What is required:
Give back every entry exactly as it is written, but not the pictures.

--- START ---

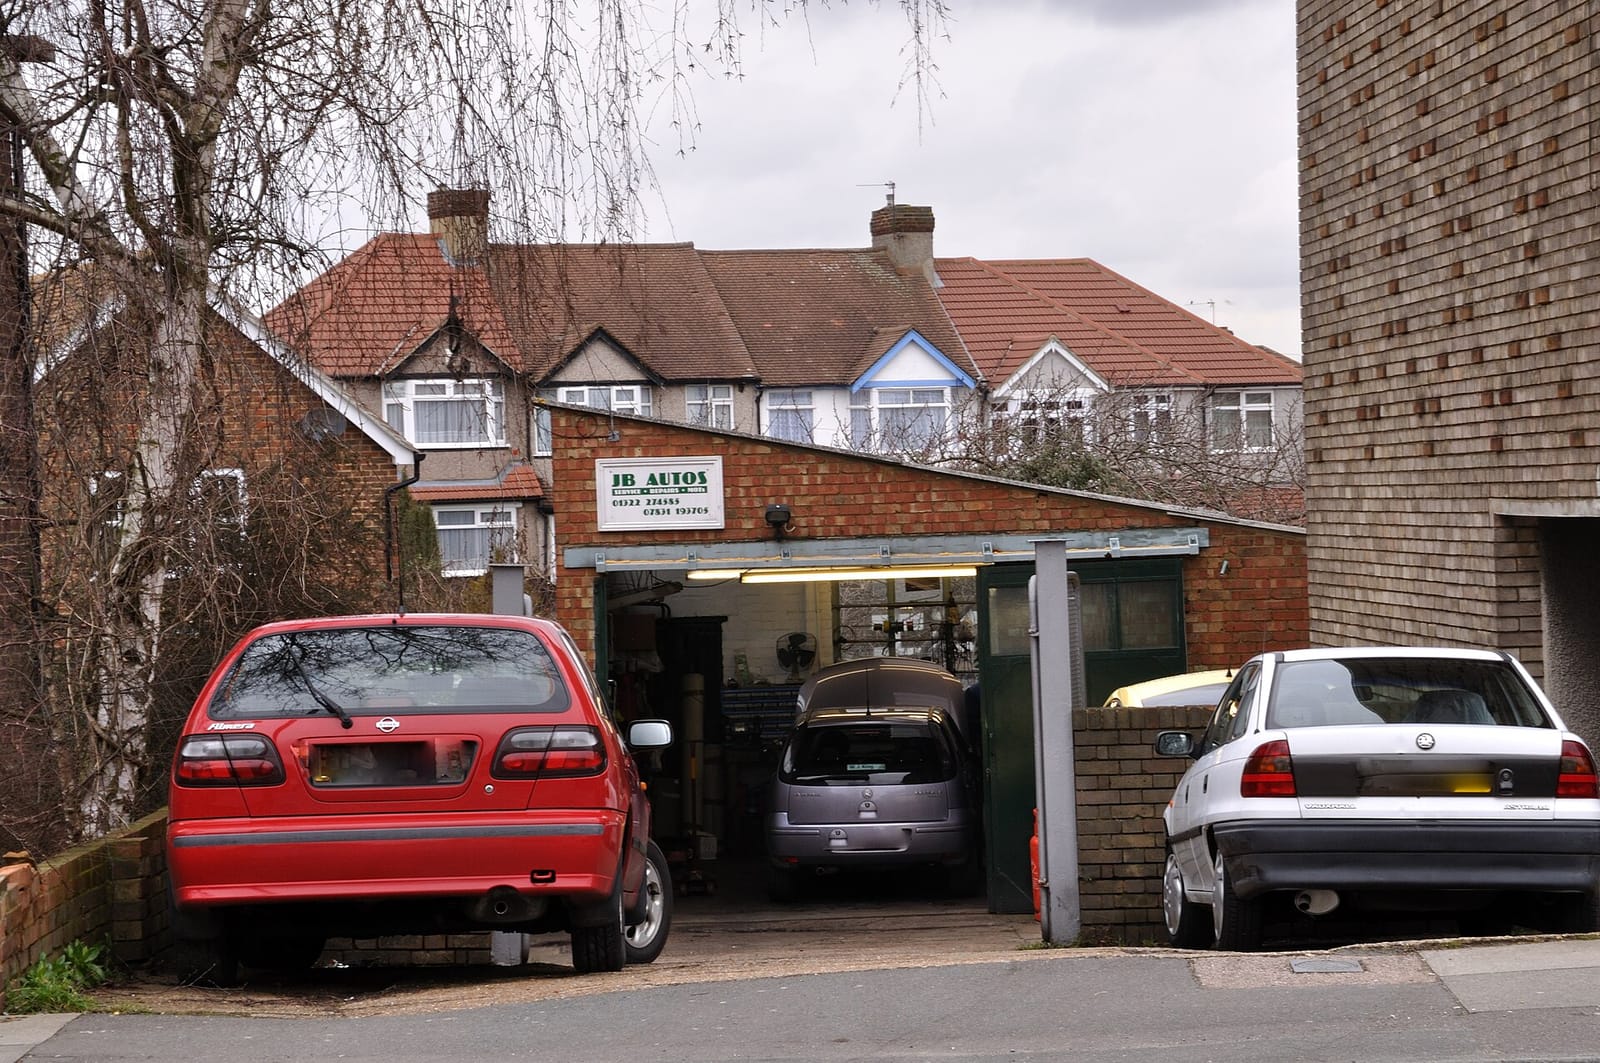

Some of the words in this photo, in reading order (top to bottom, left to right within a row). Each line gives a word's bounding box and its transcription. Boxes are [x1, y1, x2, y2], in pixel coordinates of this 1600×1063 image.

[612, 474, 636, 487] JB
[646, 471, 708, 486] AUTOS
[612, 499, 641, 507] 01322
[676, 507, 709, 515] 193705
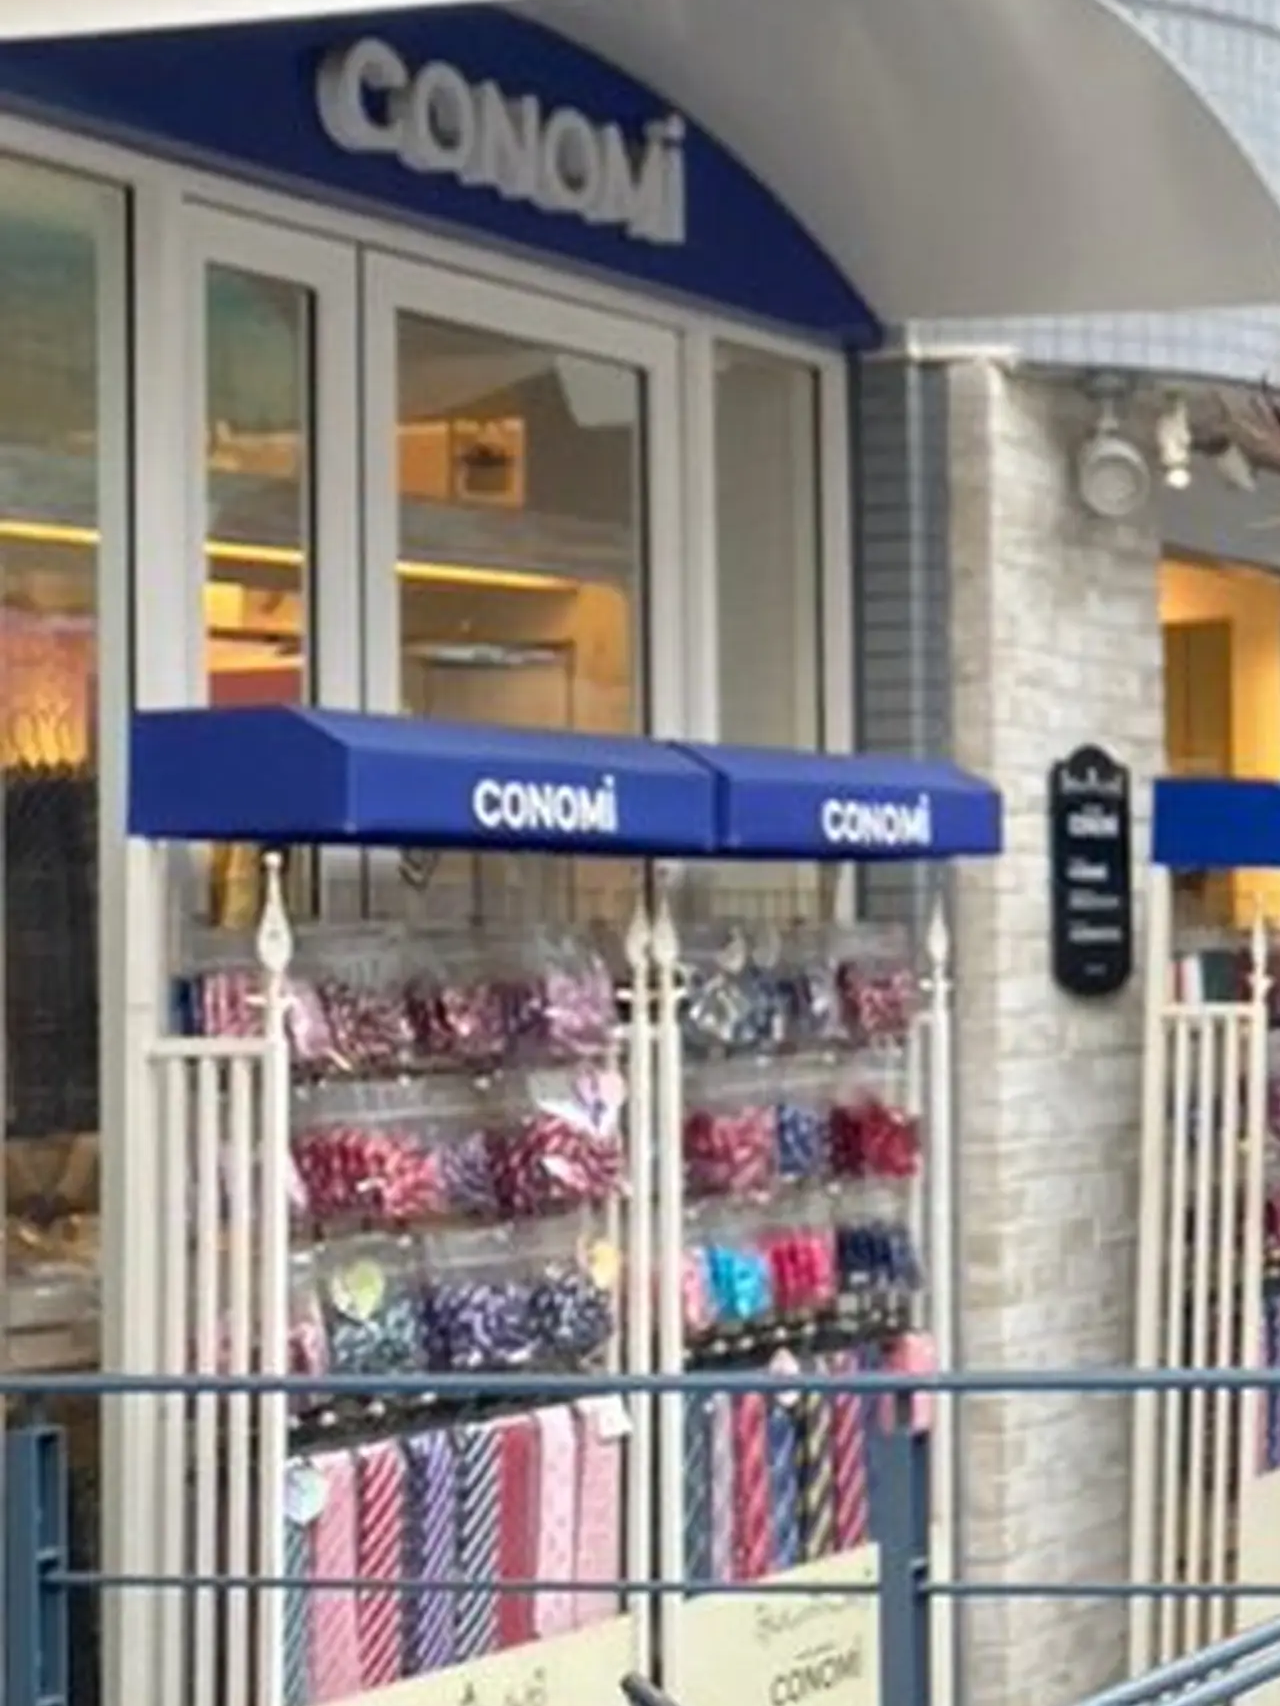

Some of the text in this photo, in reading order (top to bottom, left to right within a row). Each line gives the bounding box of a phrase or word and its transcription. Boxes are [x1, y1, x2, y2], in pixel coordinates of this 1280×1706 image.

[316, 37, 686, 245] CONOMi
[473, 773, 617, 833] CONOMi
[822, 793, 932, 846] CONOMi

--- END ---

Output of the task:
Some of the words in this photo, in reading order (top to bottom, left to right within a row). Each line gives a word's bounding box and its transcription. Boxes are [x1, y1, x2, y2], in pixel coordinates of this 1600×1063 image.

[612, 474, 636, 487] JB
[646, 471, 708, 486] AUTOS
[612, 499, 641, 507] 01322
[676, 507, 709, 515] 193705

Some of the text in this photo, in reading order (top to bottom, left to right within a row). Each line gives the bounding box of a phrase or word and its transcription. Boxes are [x1, y1, x2, y2], in pixel coordinates of this 1280×1706 image.

[316, 37, 686, 245] CONOMi
[473, 773, 617, 833] CONOMi
[822, 793, 932, 846] CONOMi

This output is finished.